MILANO RISTORAZIONE: UNA GESTIONE CHE LASCIA MOLTO A DESIDERARE
10 marzo 2009
Ammonta
a 3.900.000 € il disavanzo 2008-09 causato da rette non pagate per Milano
Ristorazione.
Le
insolvenze maggiori si trovano nella fascia Isee più alta, superiore ai27.000,00€. Il 78,18%, di tutte le insolvenze.
Si
sa inoltre che le famiglie che sono state inserite nella fascia più alta perché
non hanno presentato o hanno presentato l’Isee, fuori termine massimo, sono, il
78% dei minori frequentanti le scuole dell’infanzia, il 79,5% per i minori
frequentanti le scuole primarie, l’86% per i minori frequentanti le scuole
secondarie di primo grado.
Un
dato clamoroso, fornito dall’assessorato Famiglia, scuola e politiche sociali.
Un
dato che ci dice che la comunicazione di Milano Ristorazione è del tutto
infruttuosa, o meglio, è fatta in modo tale da far incorrere nell’errore le
famiglie che, ricevendo la circolare con grande anticipo, non capendo che la
presentazione dell’Isee diventa importante per pagare la retta corrispondente
al proprio reddito familiare, vengono di fatto inserite in fascia alta.
Guarda
caso la fascia con maggiori insolvenze.
C’è
un difetto grave nella comunicazione.
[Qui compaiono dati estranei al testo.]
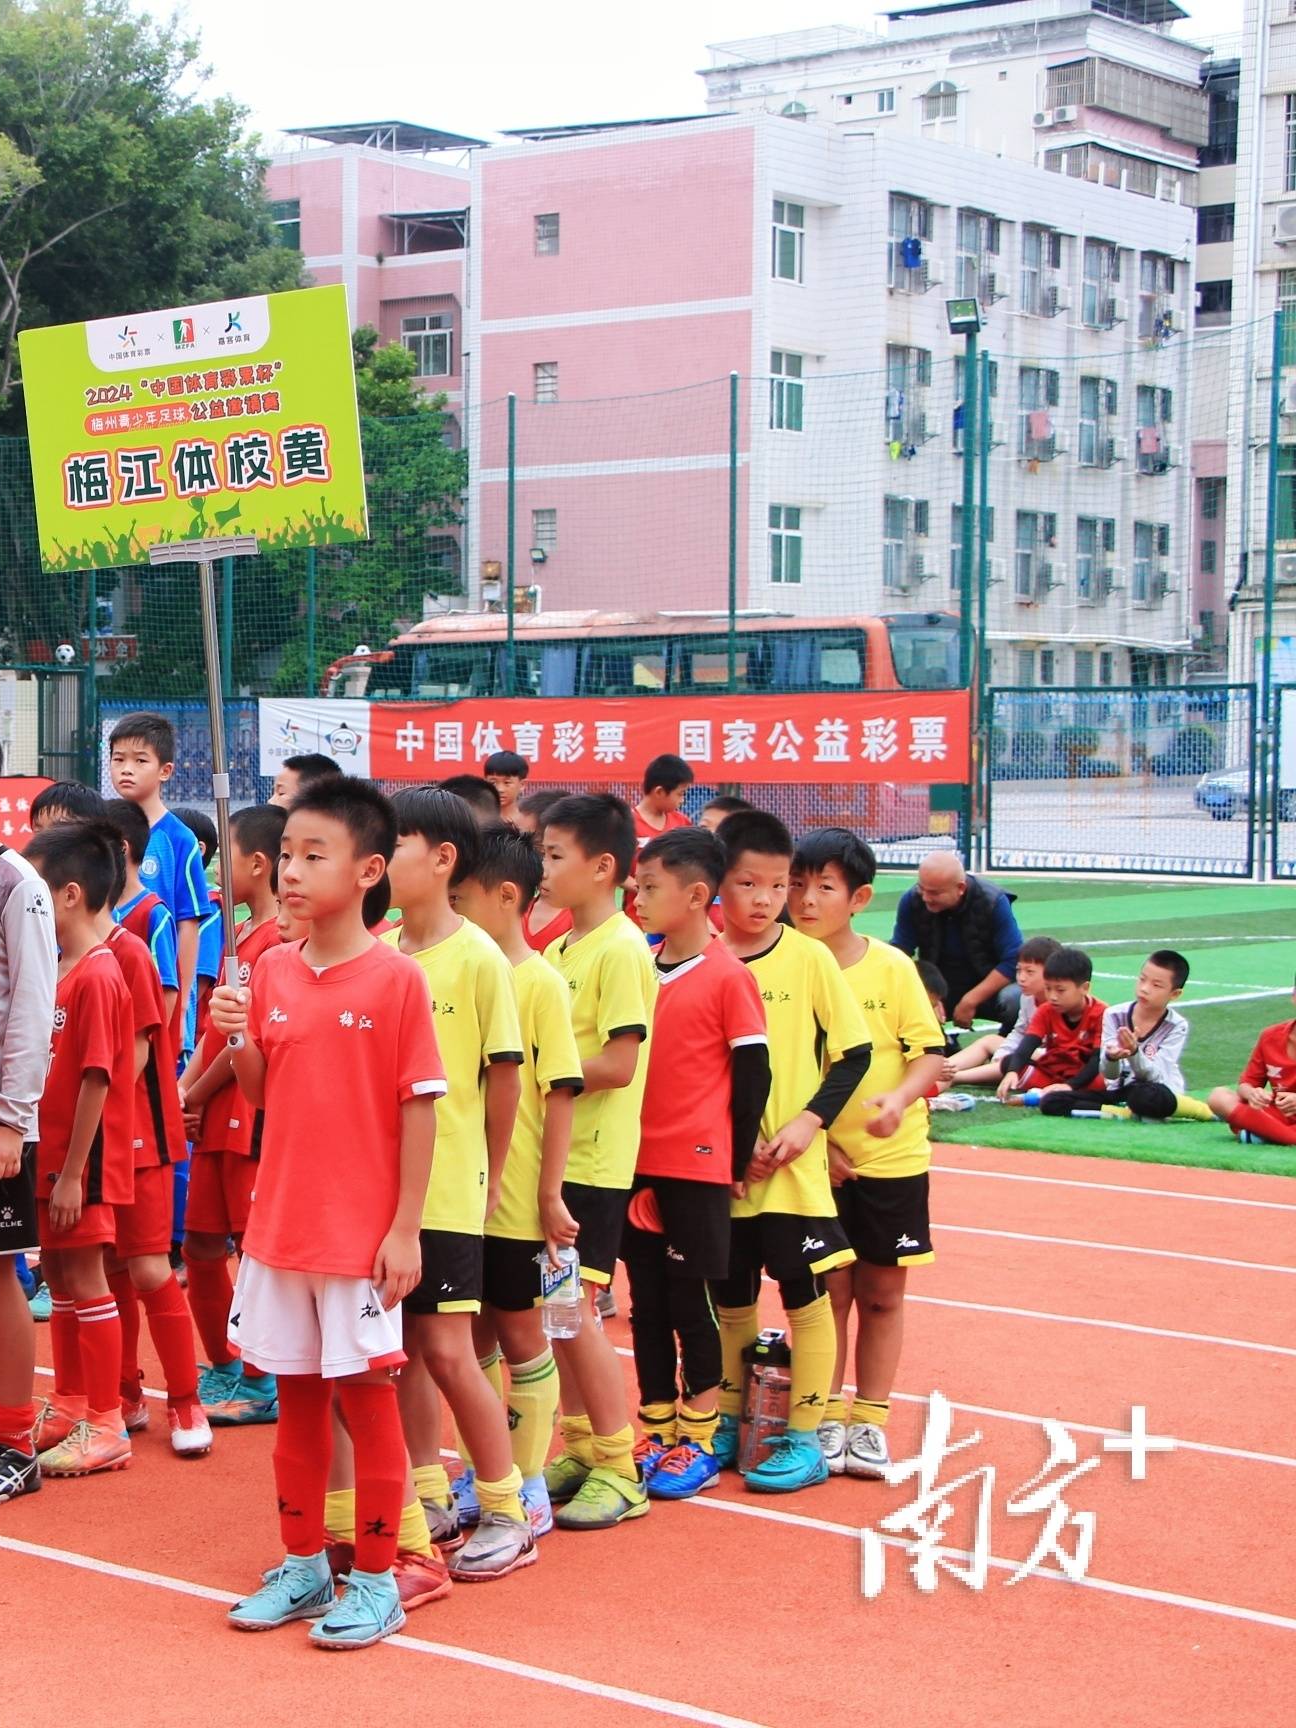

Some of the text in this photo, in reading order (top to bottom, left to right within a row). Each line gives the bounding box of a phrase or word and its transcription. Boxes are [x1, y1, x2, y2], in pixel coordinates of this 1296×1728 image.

[108, 348, 151, 360] 中国体育彩票
[85, 384, 133, 406] 2024
[65, 427, 331, 508] 梅江体校黄
[395, 716, 948, 763] 中国体育彩票 国家公益彩票
[339, 1010, 373, 1030] 梅江
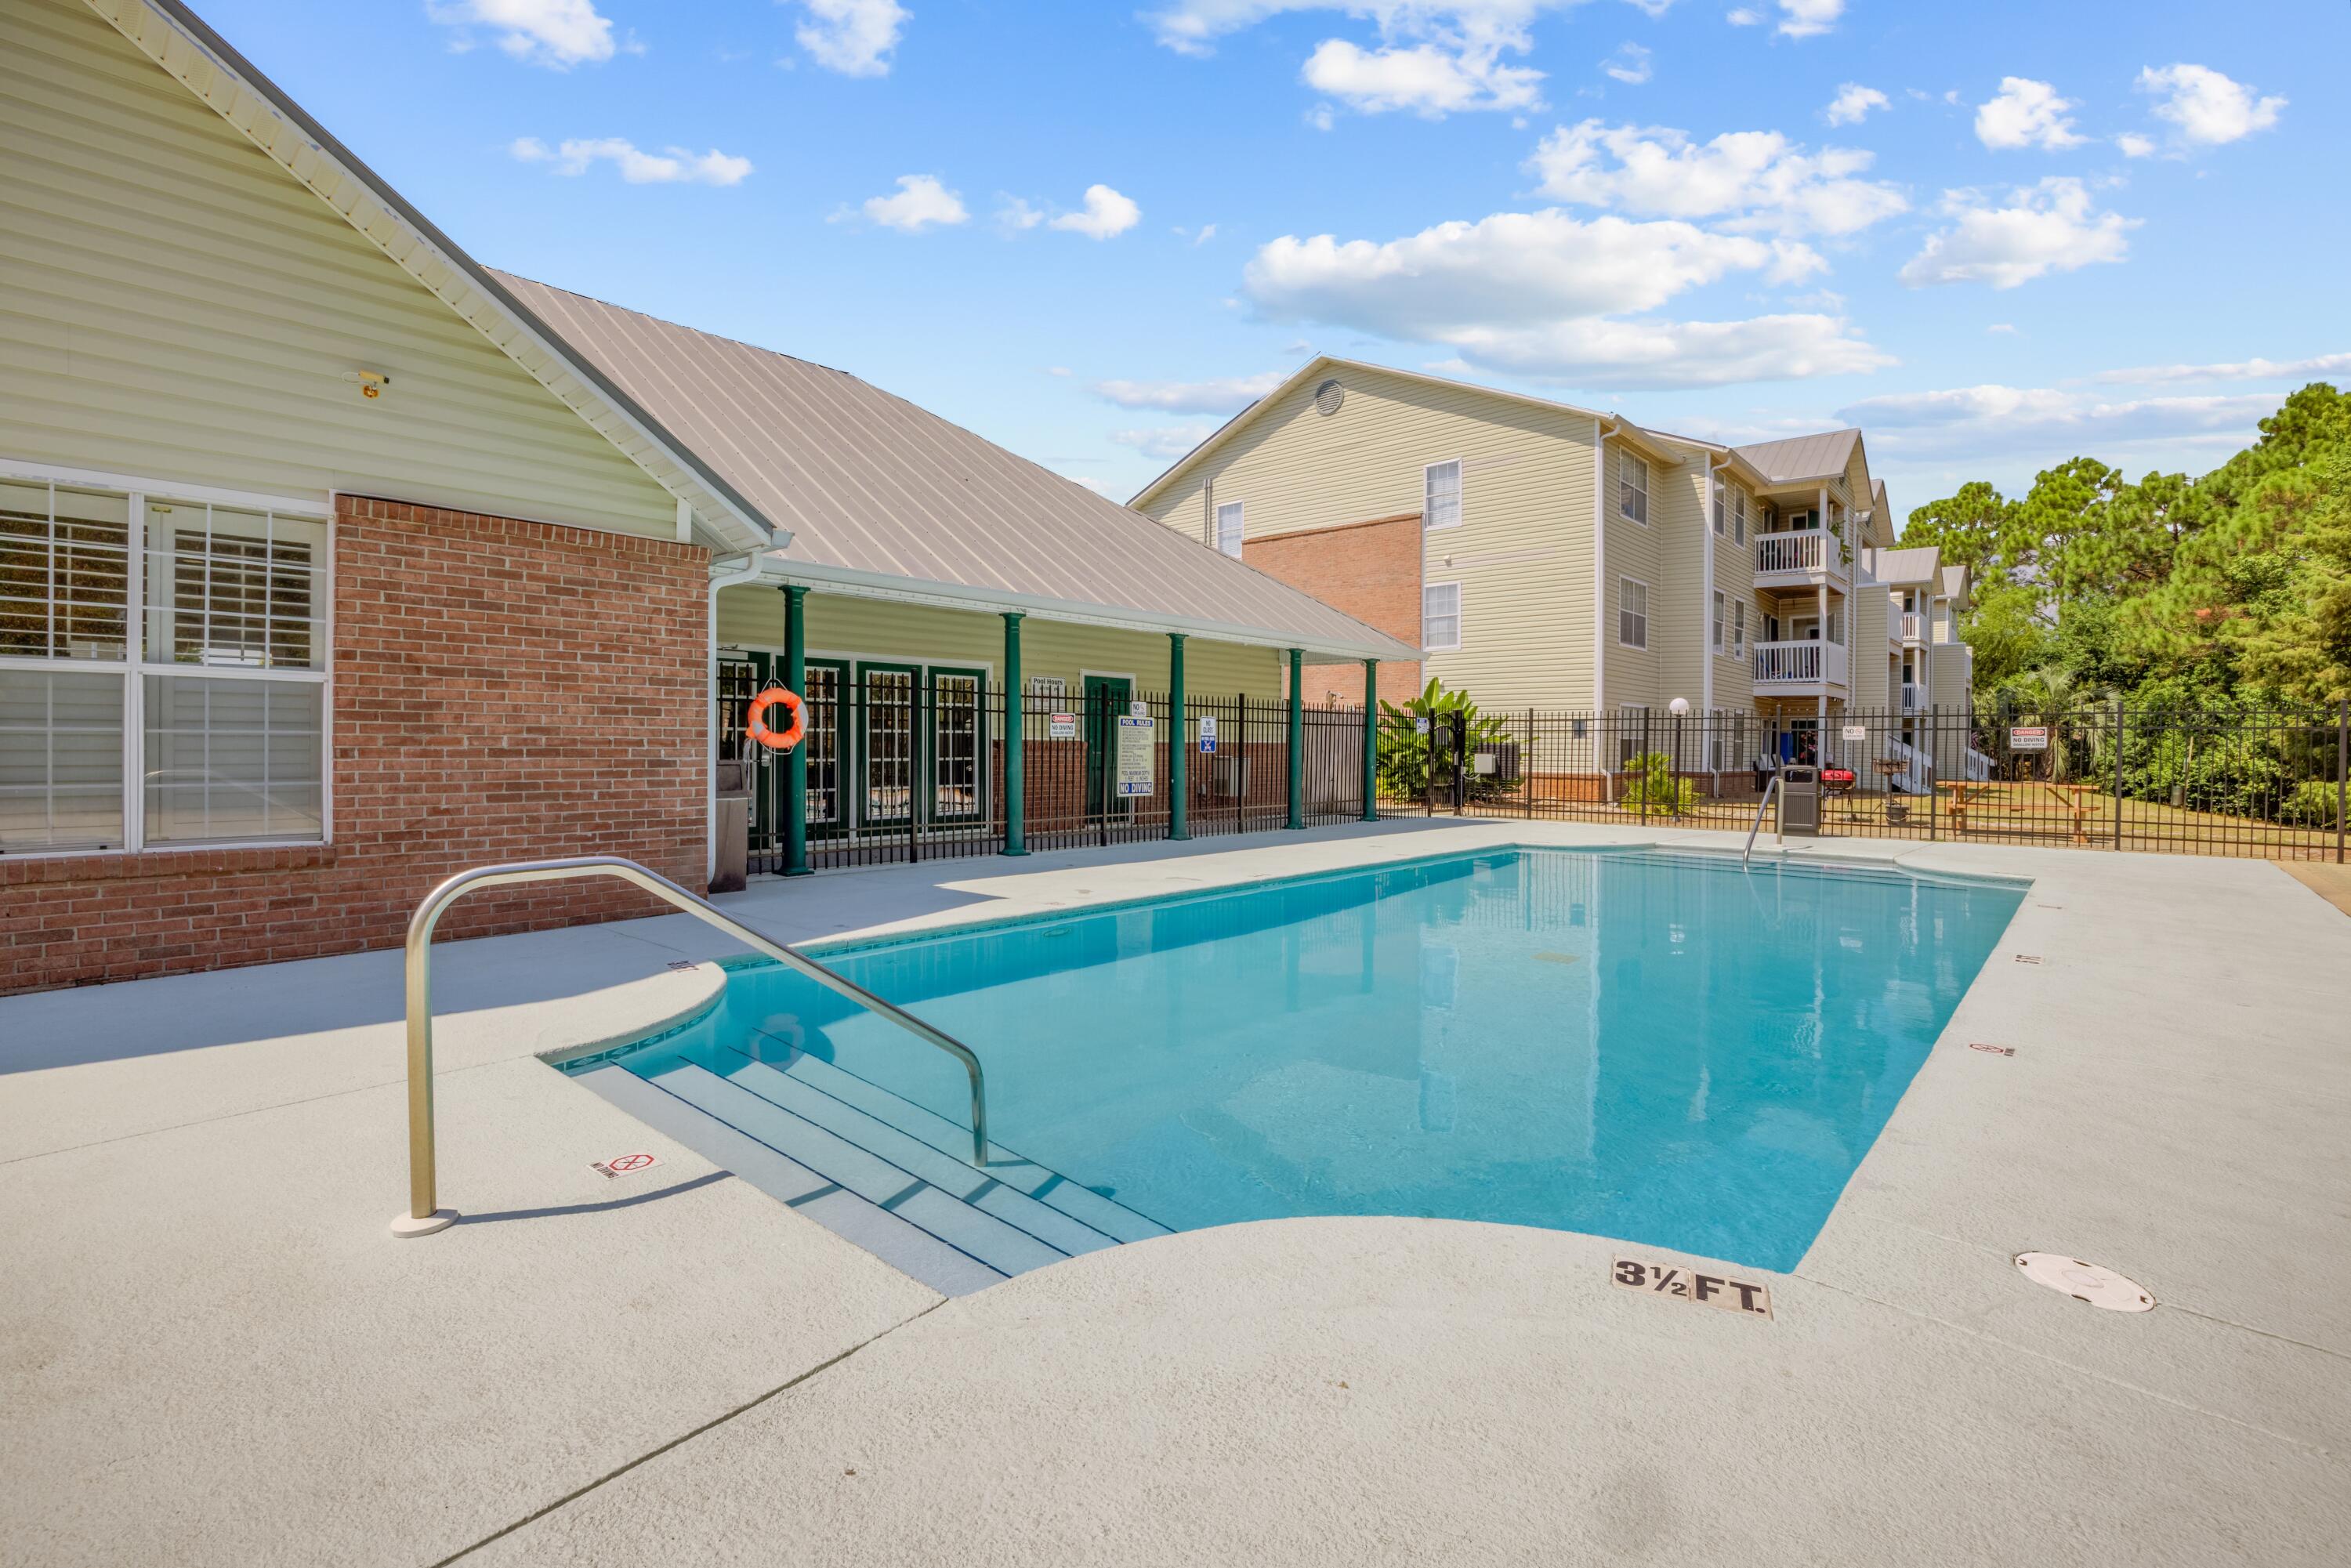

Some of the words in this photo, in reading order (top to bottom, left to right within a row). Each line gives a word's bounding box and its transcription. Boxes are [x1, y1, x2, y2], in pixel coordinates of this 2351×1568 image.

[1120, 784, 1129, 793] NO
[1132, 783, 1152, 793] DIVING
[1695, 1274, 1766, 1313] FT.
Voluto o no, causa danni alle famiglie e
alle entrate per il Comune.
Una
gestione, quella del Prof Carruba di questi anni, che lascia molto a
desiderare.
Investimenti
sbagliati. Una qualità che ha suscitato nelle famiglie numerose proteste.
Ricordiamo
la perdita di 1 milione e 200 mila euro per l’Expo di Saragoza, i 300.000 €
perduti con il contratto con la Sea; le spese per sponsorizzazioni e
pubblicazioni.
Spese
che allontanano la Milano Ristorazione dalla sua mission principale: offrire un
pasto di qualità ai bambini delle scuole milanesi.